• **Exercise description**: An exact copy of all the data, minus the images, is required.

• **Exercise material**:
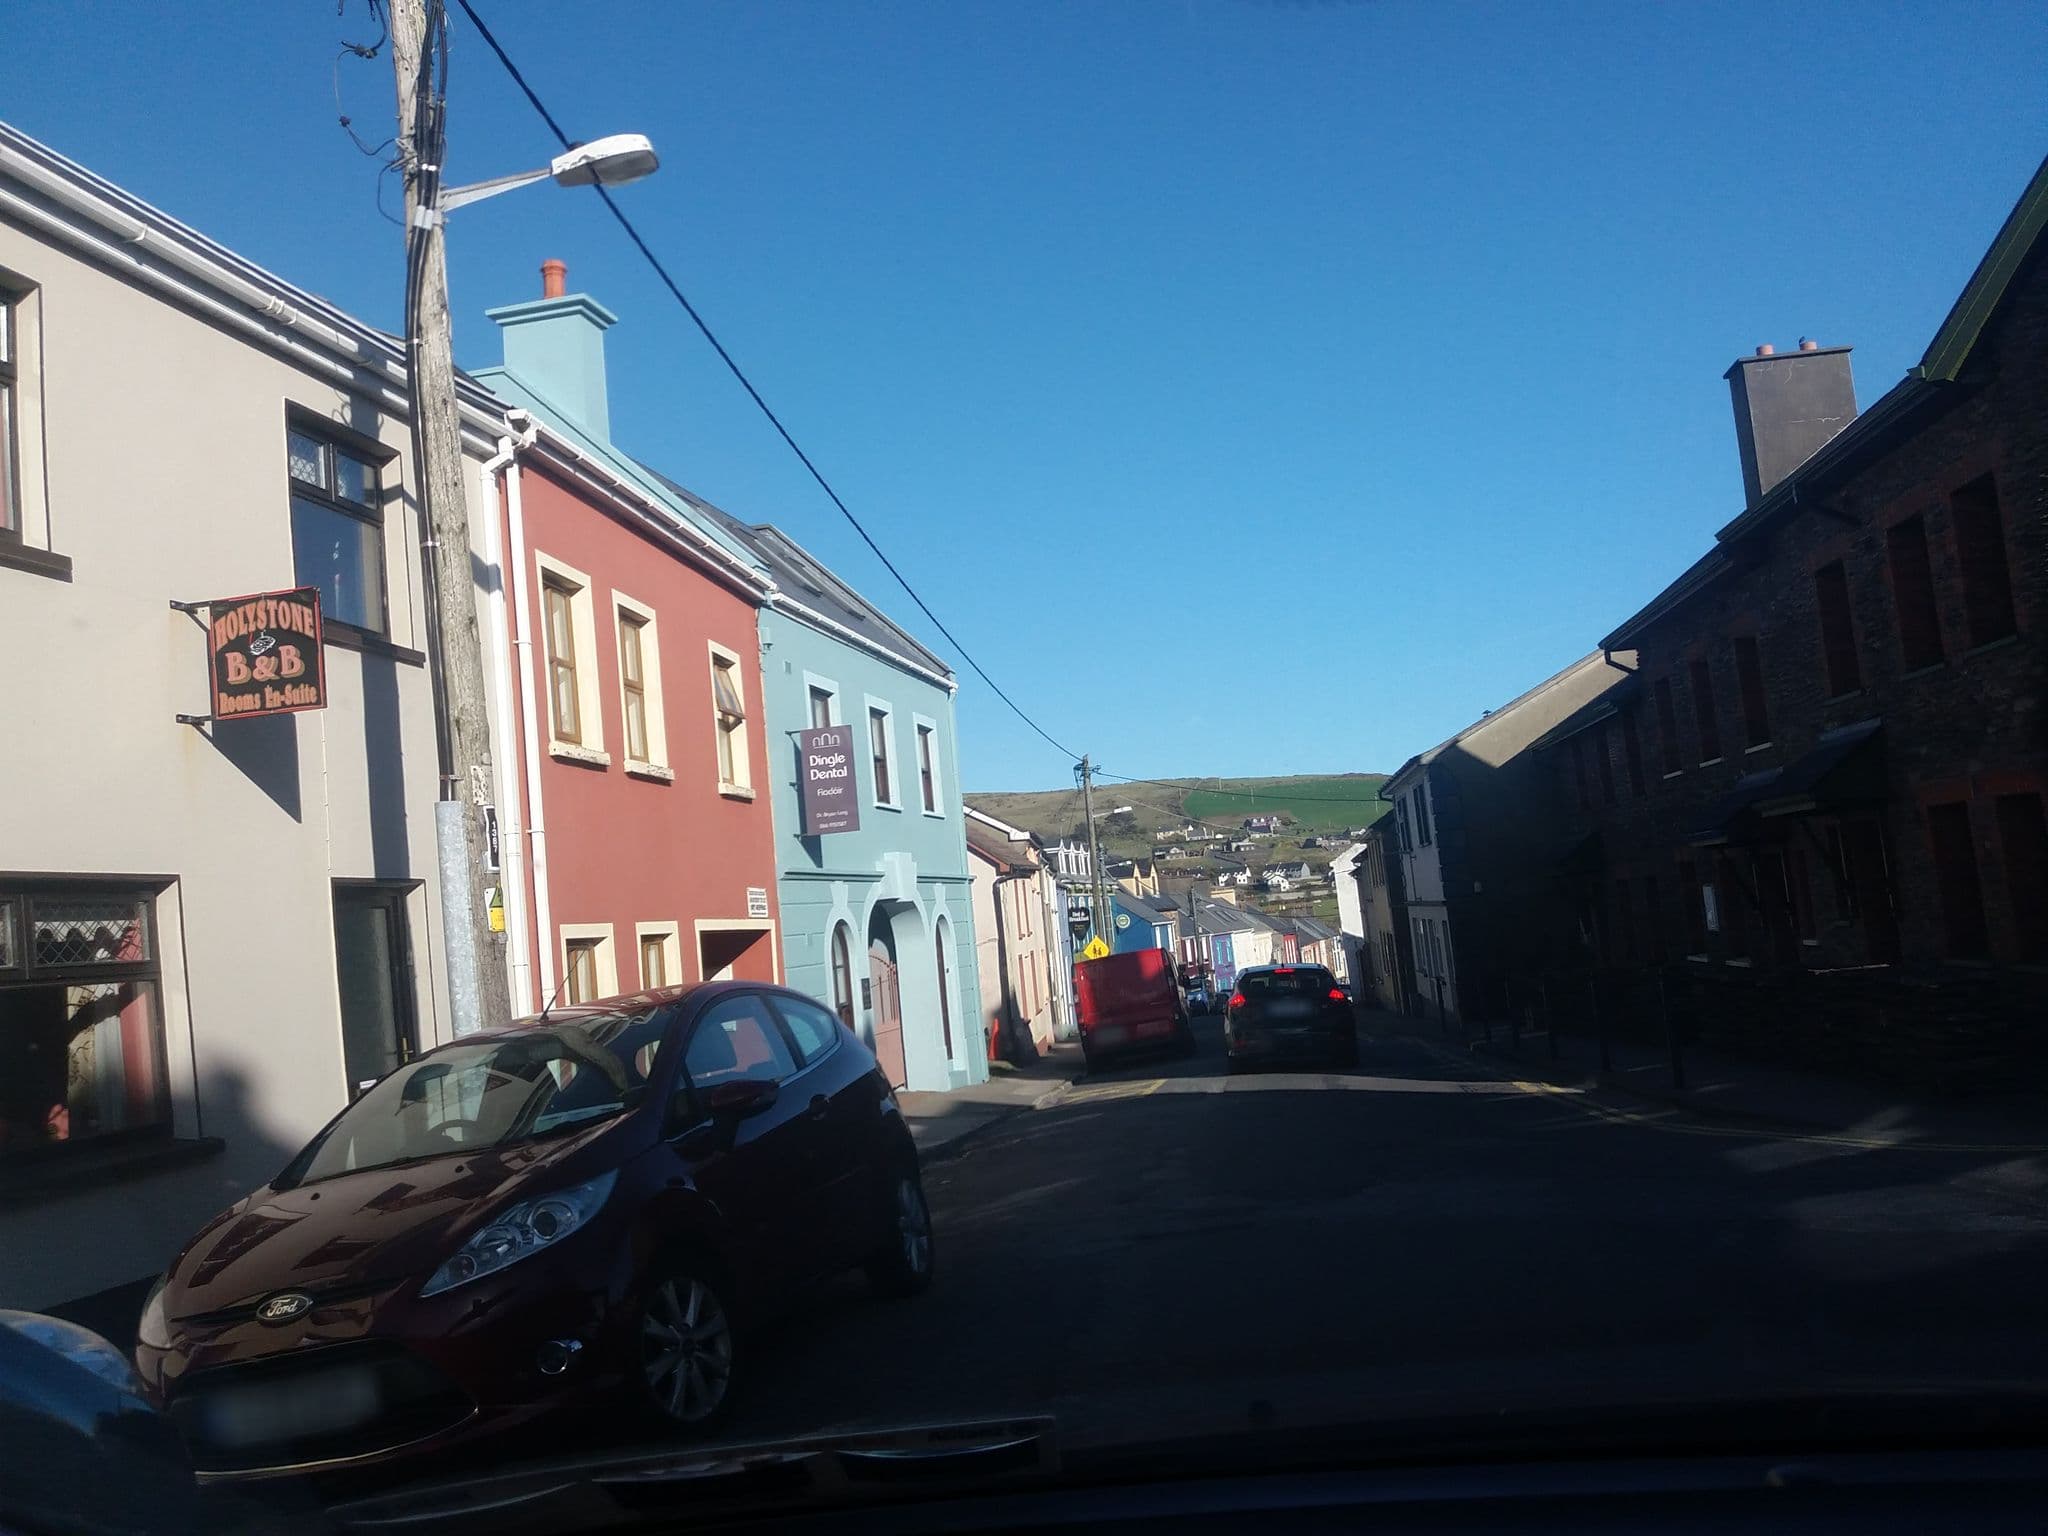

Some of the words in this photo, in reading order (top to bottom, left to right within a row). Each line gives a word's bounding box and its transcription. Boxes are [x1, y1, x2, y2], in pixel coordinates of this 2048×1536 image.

[214, 600, 315, 651] HOLYSTONE
[219, 693, 261, 713] Rooms
[809, 753, 845, 767] Dingle
[810, 767, 847, 780] Dental
[267, 1299, 299, 1316] Ford

• **Expected output**:
Some of the words in this photo, in reading order (top to bottom, left to right within a row). Each line gives a word's bounding box and its transcription. Boxes are [x1, y1, x2, y2], in pixel coordinates of this 2048×1536 image.

[214, 600, 315, 651] HOLYSTONE
[219, 693, 261, 713] Rooms
[809, 753, 845, 767] Dingle
[810, 767, 847, 780] Dental
[267, 1299, 299, 1316] Ford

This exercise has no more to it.